Nor is there any stopping this tsunami. Forecaster IDC predicts that the world's data will grow to 175 zettabytes in 2025. For effect, it adds that, "If you could download the entire 2025 Global Datasphere at an average of 25 Mb/s, today's average connection speed across the US, then it would take one person 1.8 billion years to do it, or if every person in the world could help and never rest, then you could get it done in 81 days." And to think that just 20 years ago, a computer with storage capacity of 20GB was considered gee-whiz!

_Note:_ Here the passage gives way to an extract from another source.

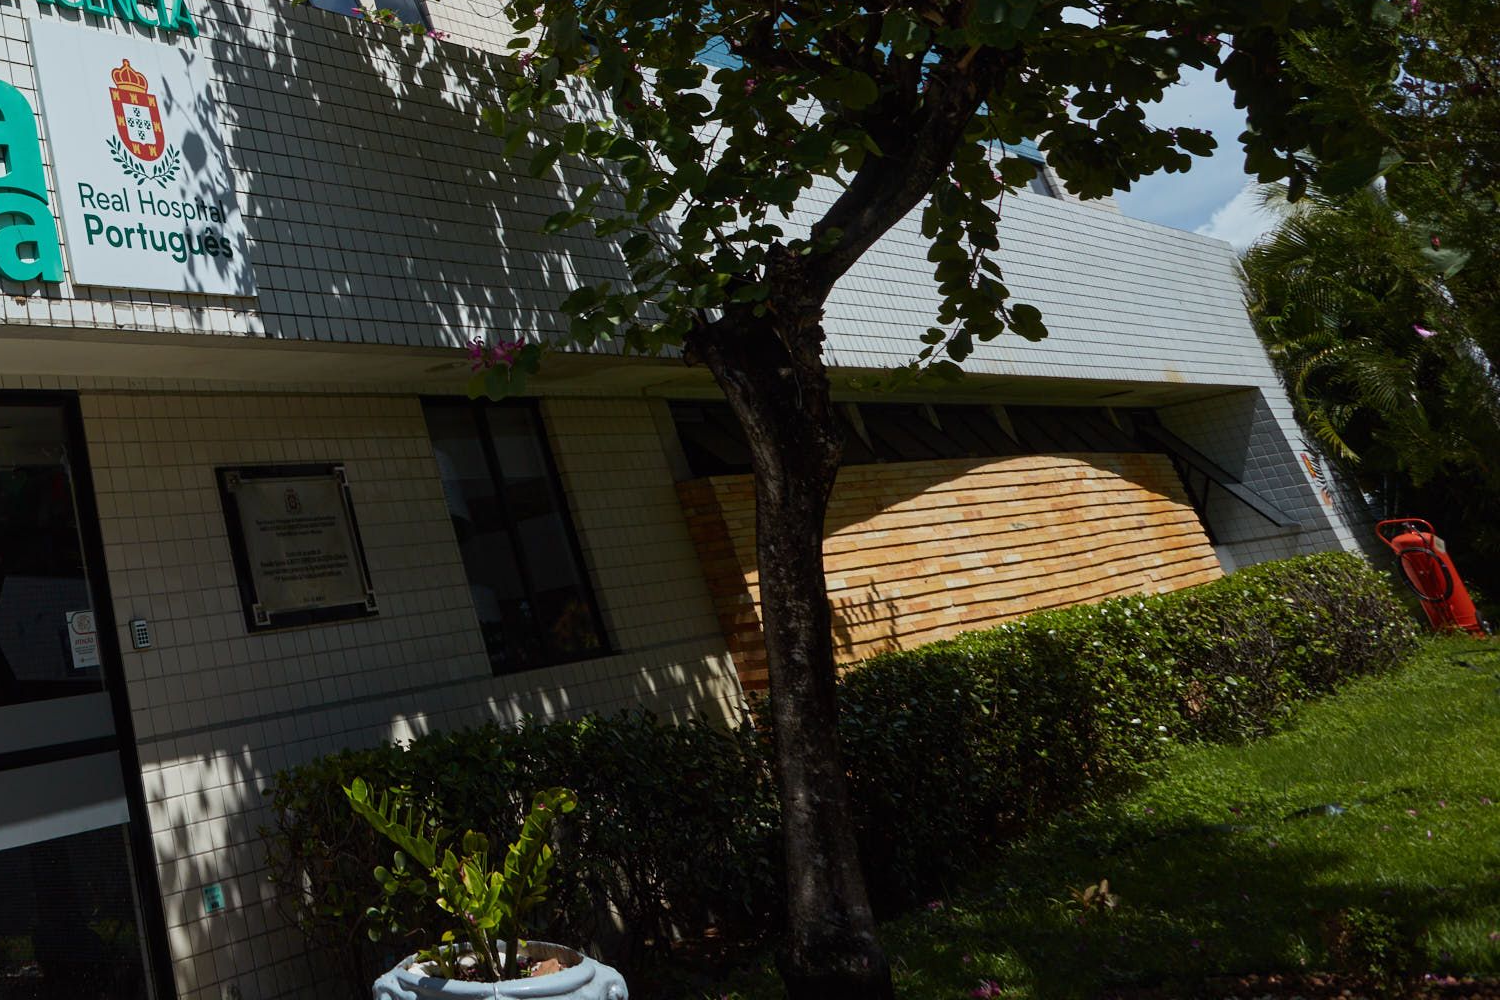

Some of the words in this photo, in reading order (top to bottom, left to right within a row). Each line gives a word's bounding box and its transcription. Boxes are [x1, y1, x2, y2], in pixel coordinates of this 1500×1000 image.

[77, 182, 131, 213] Real
[137, 189, 228, 227] Hospital
[83, 213, 234, 263] Português

What has changed since then is that the time a potential consumer of all this information has available to spend on it has become scarce. We all have only a finite amount of time to consume all that is being produced and constantly repurposed. Even the whole sharing economy is really a pushing out of vast quantities of data sliced and spliced to suit various needs. Uber hasn't put a new car on the roads, nor Airbnb a hotel room. They just took the cars that were already there and the rooms that were already built and presented them in a way that got them optimum mileage.
There's an entire marketplace for attention in which companies count their success in the number of eyebrows they manage to raise rather than the profits they make. Which is why Tesla, which is yet to report an annual profit, has a market cap of $89 billion, more than the sum of General Motors' and Ford's respective market caps, and Uber, which lost over $1 billion in its last quarter alone, has a market cap of $58.37 billion while the world's largest airline American Airlines, with a fleet size of 956 aircraft giving it an annual capacity of about 257 million seats, has a market cap which is a fifth of that.
If all these numbers seem to defy logic, ponder for a minute over how often we come across Tesla, Uber and WeWorks, either in the media or in offline discussions. Even the bad press these companies get turns into higher attention numbers, since the most powerful motivations online are outrage and group threats. From there on, the algorithms take over, engineering emotions that make people pick sides between, say, #ILoveTesla and #IhateMusk.
In the new era, knowledge isn't power, attention is. If you have the attention of a million followers on Twitter or Facebook or Instagram, you can get them to start looking for complete nonsense, as US President Donald Trump did with his famous tweet just after midnight on 31 May 2017: "Despite the constant negative press covfefe." And when White House staffers insisted later that Trump and a handful of people knew exactly what he meant, Adrienne Lafrance writing for The Atlantic (bit.ly/38e8b3r) summed it up thus: "Covfefe remains the tweet that best illustrates Trump's most preternatural gift: He knows how to captivate people, how to command and divert the attention of the masses." (Emphasis mine.)
Perhaps the whole paradigm of judging success is changing. Already, in the startup space, the metrics in use to measure progress are such unfamiliar ones as burn rate, activation rate, monthly active users and customer churn rate. With returns on private capital exceeding what investors get from assets available in public markets, it might be a good idea to acknowledge that venture capitalists (VCs), notwithstanding the terrible year Masayoshi Son has had, do have a better sense of the future.
This may be why VC fundraising has been growing 18% year-on-year since 2013. If they reckon that once the eyeballs are in, the money will follow, who are we to question it?
MIDiA Research, a media insights and analysis firm, says we are at peak attention now, and entering an era of attention saturation, "where every new consumption minute gained comes at the cost of consumption time elsewhere". It cites the drop off in mobile games as evidence of that. But the progressive growth of new social platforms and their ready adoption would suggest we are still some way off from that point.
What should serve as a cause for alarm is that we still don't have in place rules and regulations on how the personal data we hand over to companies is to be treated. Now data is being replaced by attention, and savvy marketers are already using the dopamine bursts we get from our time on social media to manipulate what our brains are processing. It's high time we had some rules to govern the attention economy.